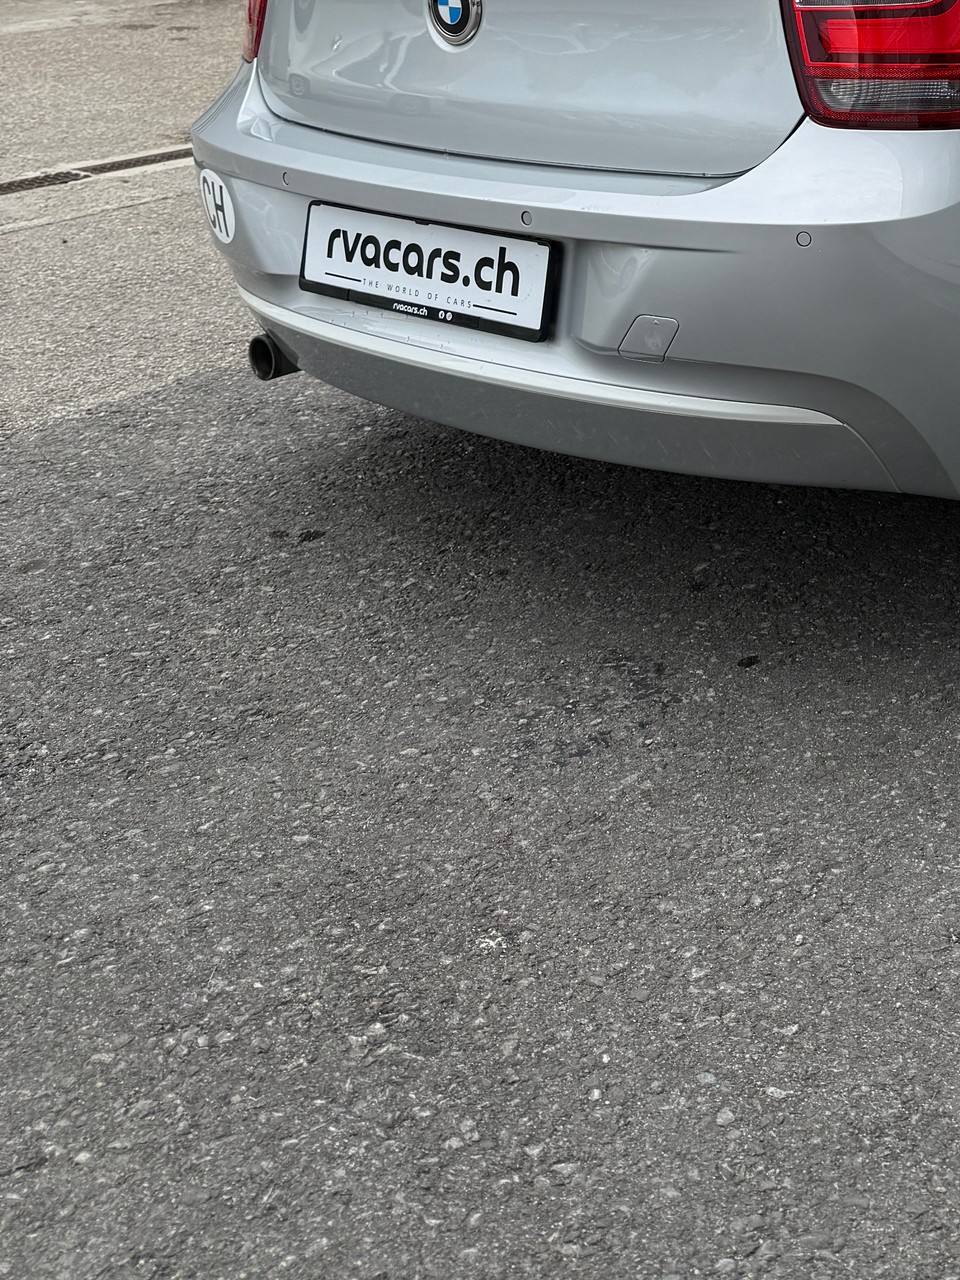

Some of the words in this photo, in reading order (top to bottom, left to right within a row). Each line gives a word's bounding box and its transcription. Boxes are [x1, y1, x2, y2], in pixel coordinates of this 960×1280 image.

[202, 175, 230, 238] CH
[326, 228, 521, 297] rvacars.ch
[362, 278, 380, 289] THE
[387, 283, 420, 297] WORLD
[427, 292, 439, 301] OF
[446, 296, 473, 309] CARS
[392, 302, 428, 317] rvacars.ch
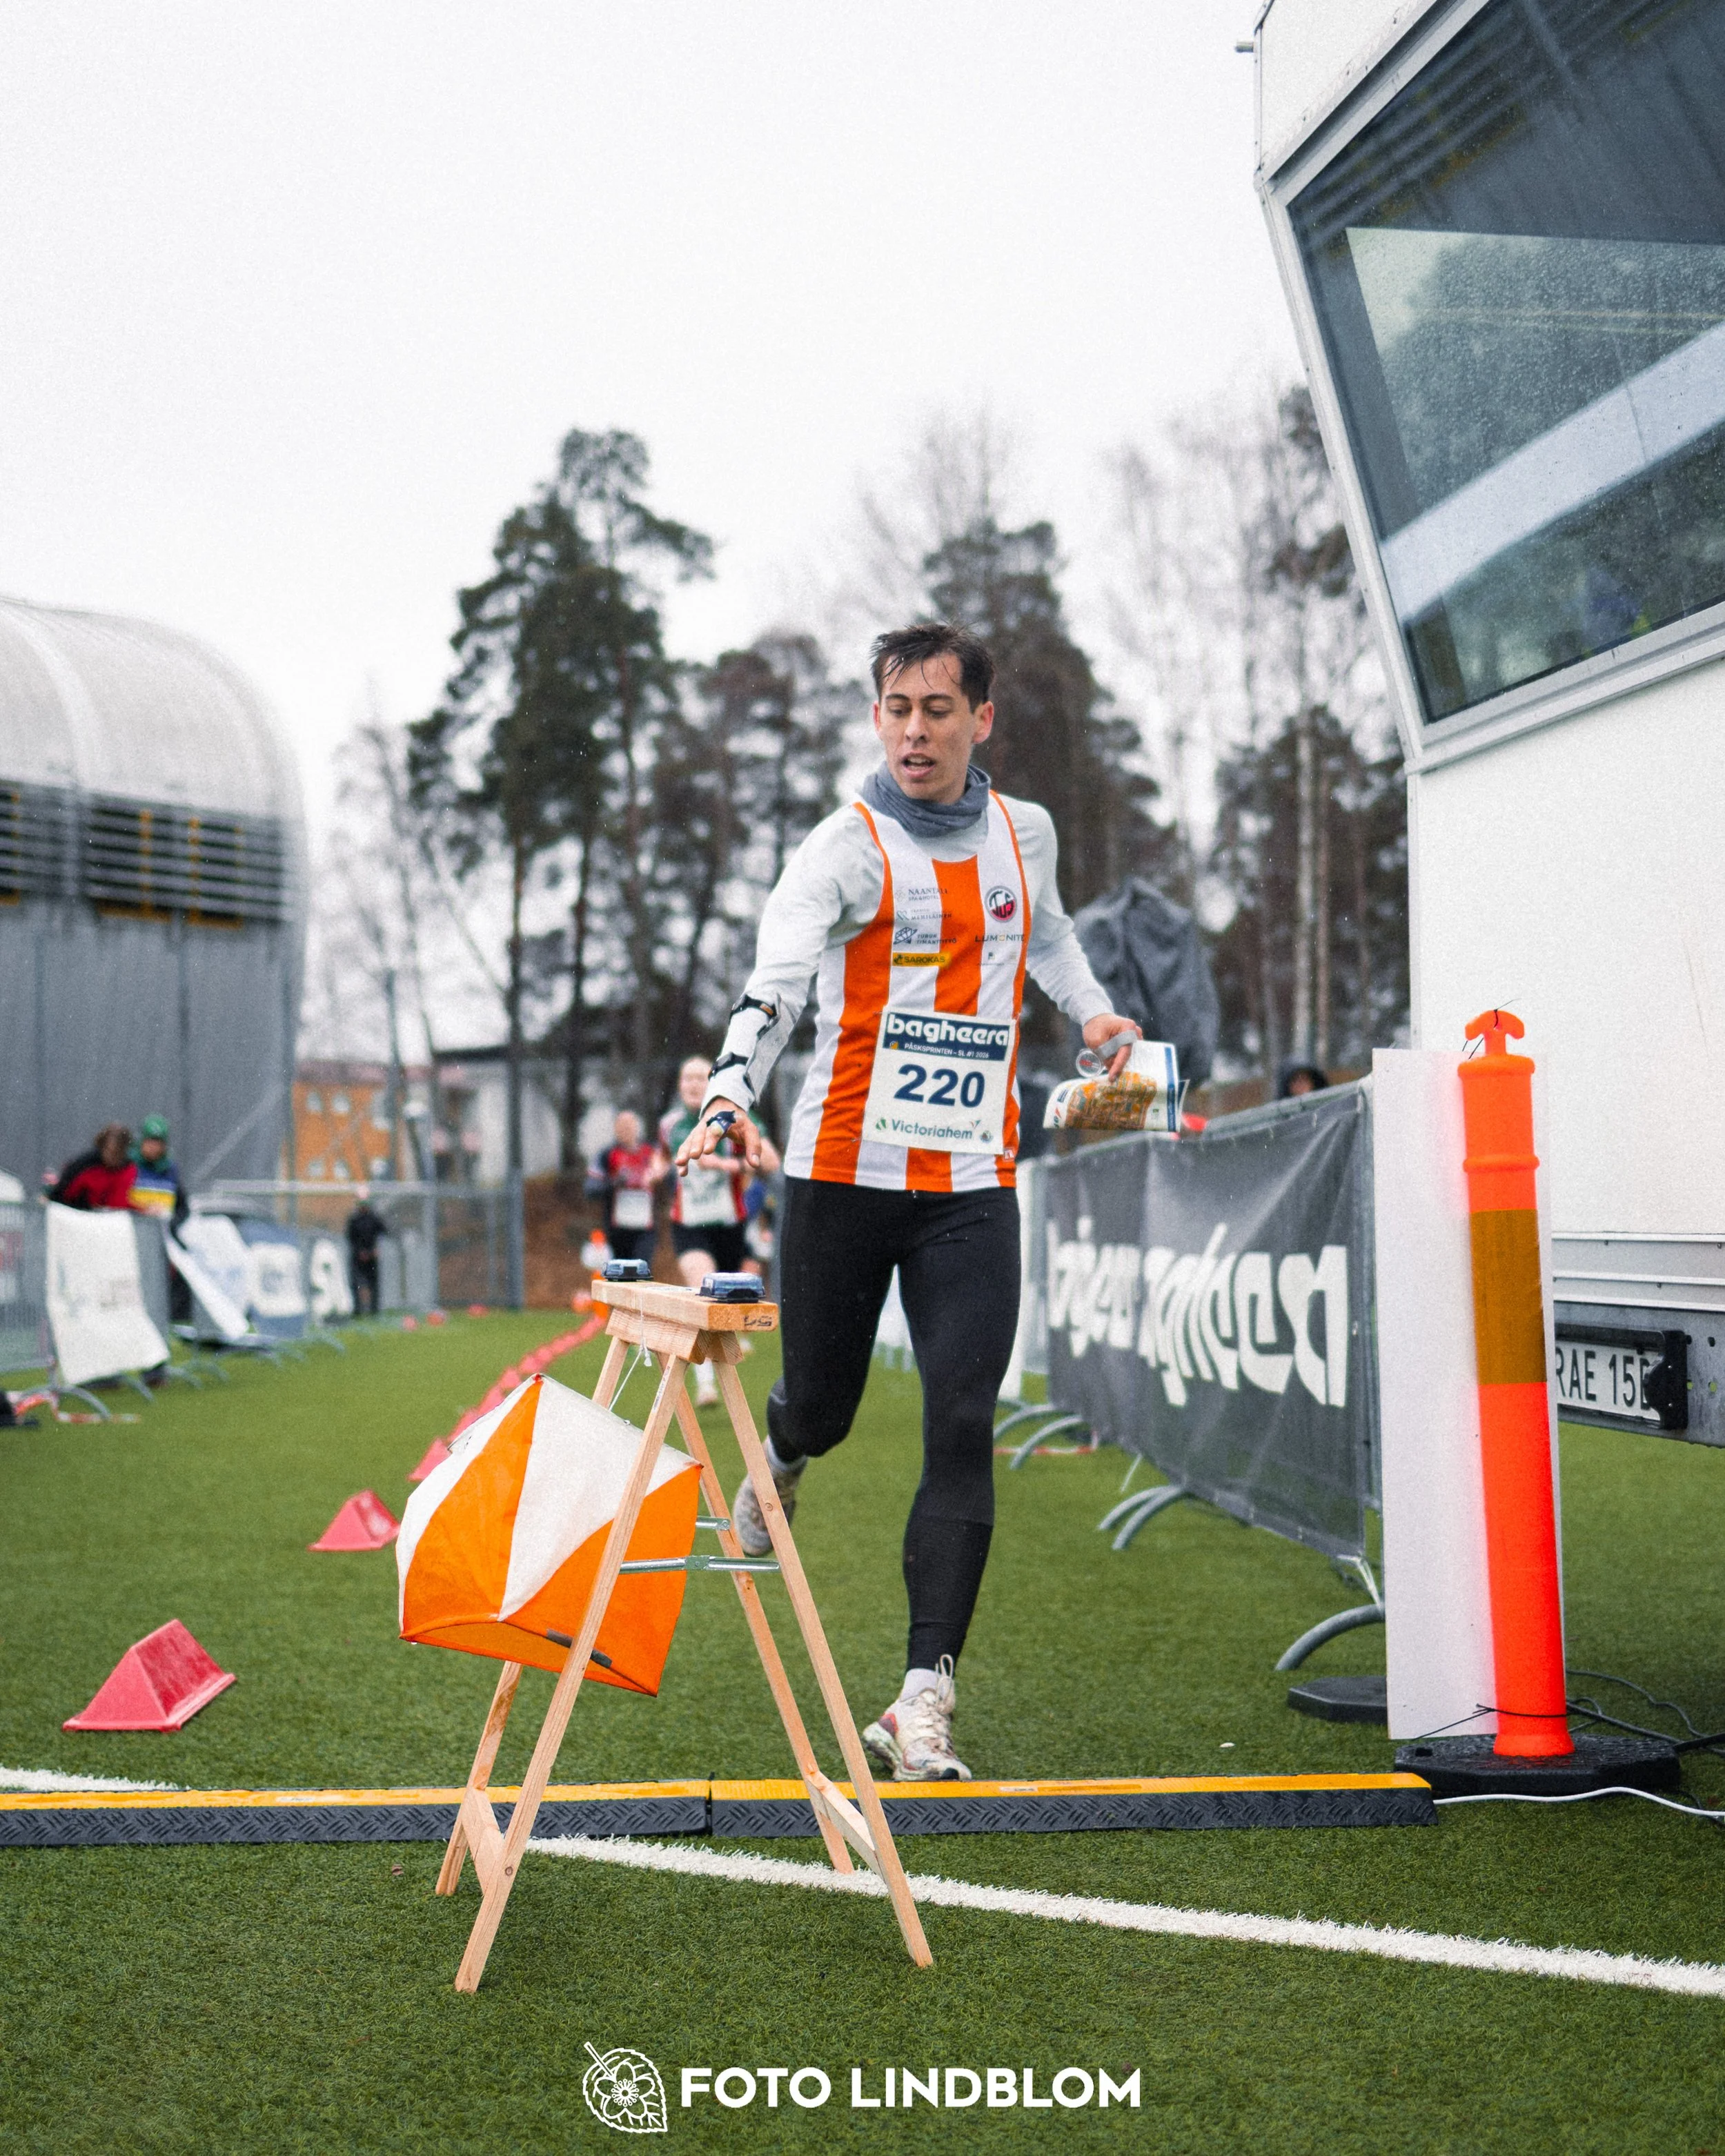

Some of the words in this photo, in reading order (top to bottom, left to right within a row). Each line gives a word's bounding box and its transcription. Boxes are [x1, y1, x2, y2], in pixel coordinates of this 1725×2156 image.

[887, 1014, 1009, 1047] bagheera
[905, 1042, 953, 1055] PÅSKSPRINTEN
[893, 1063, 985, 1108] 220
[891, 1118, 973, 1139] Victoriahem
[1555, 1346, 1597, 1401] RAE

• To do:
If an entry contains a picture, skip the picture and reproduce everything else exactly.

• The completed task:
Some of the words in this photo, in reading order (top to bottom, left to right within a row). Each line gives a word's bounding box and its transcription. Boxes are [x1, y1, x2, y2], in pixel coordinates of this 960×1280 image.

[202, 175, 230, 238] CH
[326, 228, 521, 297] rvacars.ch
[362, 278, 380, 289] THE
[387, 283, 420, 297] WORLD
[427, 292, 439, 301] OF
[446, 296, 473, 309] CARS
[392, 302, 428, 317] rvacars.ch

Some of the words in this photo, in reading order (top to bottom, left to right within a row). Each line gives a word's bounding box and its transcription. Boxes are [x1, y1, x2, y2], in pixel coordinates of this 1725×2156 image.

[887, 1014, 1009, 1047] bagheera
[905, 1042, 953, 1055] PÅSKSPRINTEN
[893, 1063, 985, 1108] 220
[891, 1118, 973, 1139] Victoriahem
[1555, 1346, 1597, 1401] RAE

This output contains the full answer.